A propos des évènements, justement, ne vous attendez pas à un polar insoluble dans la ligne du Mystère de la chambre jaune de Gaston Leroux ou du Nom de la rose d'Umberto Eco. Les énigmes posées sont vraisemblables, et on ne connait pas la vérité à l'avant-dernière phrase du dernier chapitre : le récit avance avec les raisonnements de Fronsac, mais les "sorties" sont nombreuses : déjeuners, rencontres avec divers personnages, discussions politiques ou architecturales voire ragots de la Cour viennent très fréquemment interrompre le récit, ce qui lui rend plus vivant. Mais n'espérez pas revivre l'angoisse du Nom de la rose dans ces romans.

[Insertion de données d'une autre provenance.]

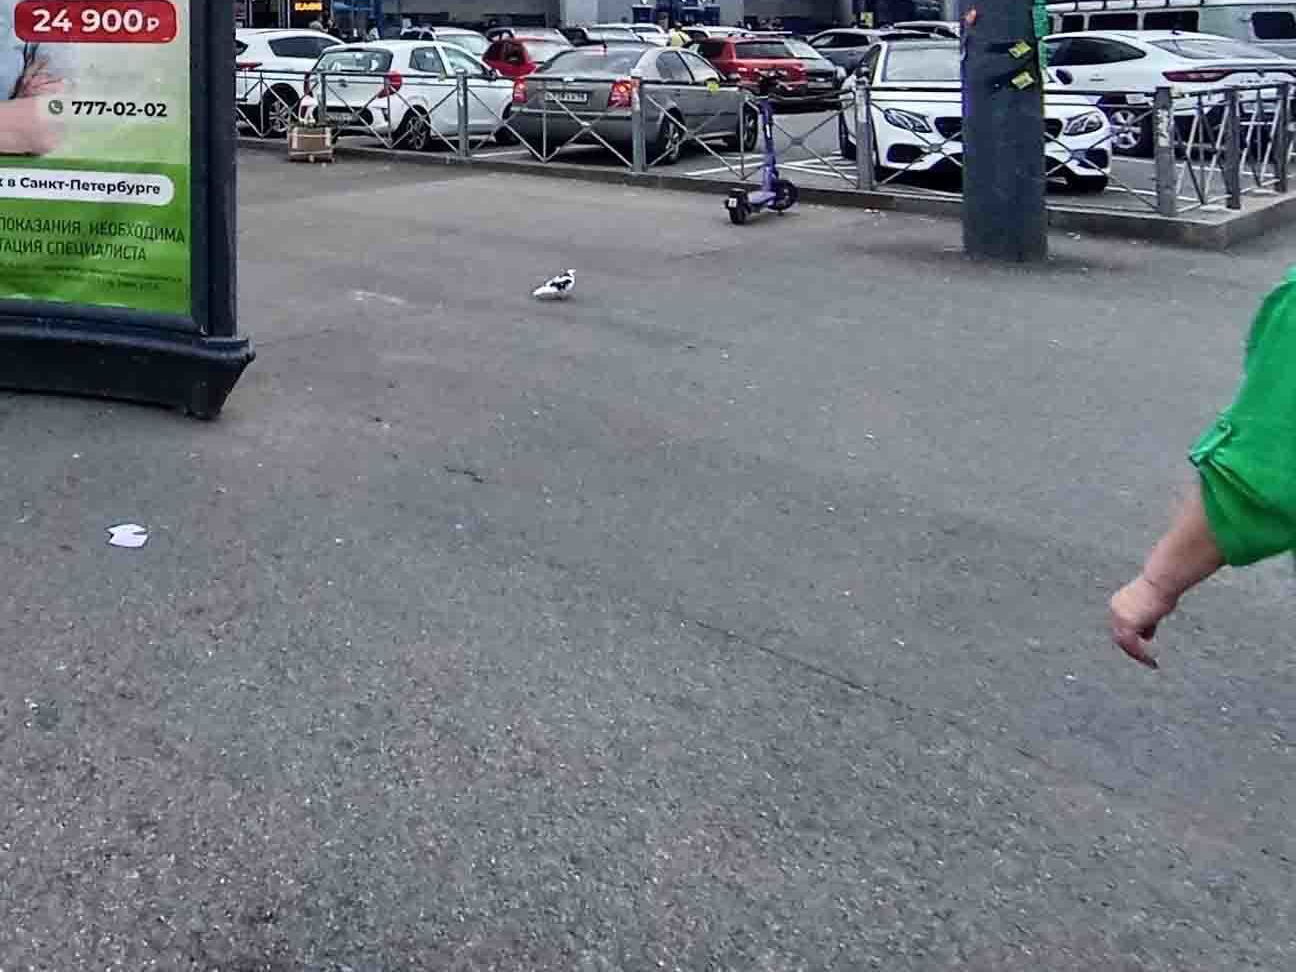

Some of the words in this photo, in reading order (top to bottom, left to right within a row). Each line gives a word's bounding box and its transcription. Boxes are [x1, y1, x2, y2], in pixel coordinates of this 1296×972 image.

[32, 8, 73, 33] 24
[71, 101, 168, 117] 777-02-02
[7, 179, 16, 189] в
[19, 177, 161, 196] Санкт-Петербурге
[88, 221, 185, 244] НЕОБХОДИМА
[47, 239, 147, 262] СПЕЦИАЛИСТА

Certains passages contiennent un peu de suspens, mais pas d'arrêt cardiaque en vue. Ainsi, fanatiques de thrillers, passez votre chemin.
Un des intérêts principaux de ces livres est la connaissance apportée, les descriptions étant fidèlement contées. On assiste ainsi par exemple à des scènes de rendez-vous mondains, de torture voir d'exécutions rendues extrêmement fidèlement. On en apprend aussi beaucoup sur des professions à l'époque, comme notaire, bourreau, reître (spadassin) ou encore grand seigneur !
En résumé, une série de livres absolument passionnante, relativement égale, et surtout fidèlissime à l'histoire. Seul bémol : un petit déséquilibre par moment entre trop de descriptions et trop peu de "policier". Rien de bien grave cependant.
Note finale : 9,5/10
Jean d'Aillon - [auteur]
Jean d'Aillon - [auteur]
Longs ou pas...ce n'est pas un livre qu'on finit en une heure trente, mais ce ne sont pas non plus des "Da Vinci Code" de 800 pages. Ils font un peu moins de 300 pages, et sont en ce moment réédités en poche (avant, ils n'existaient qu'en "beaux" livres).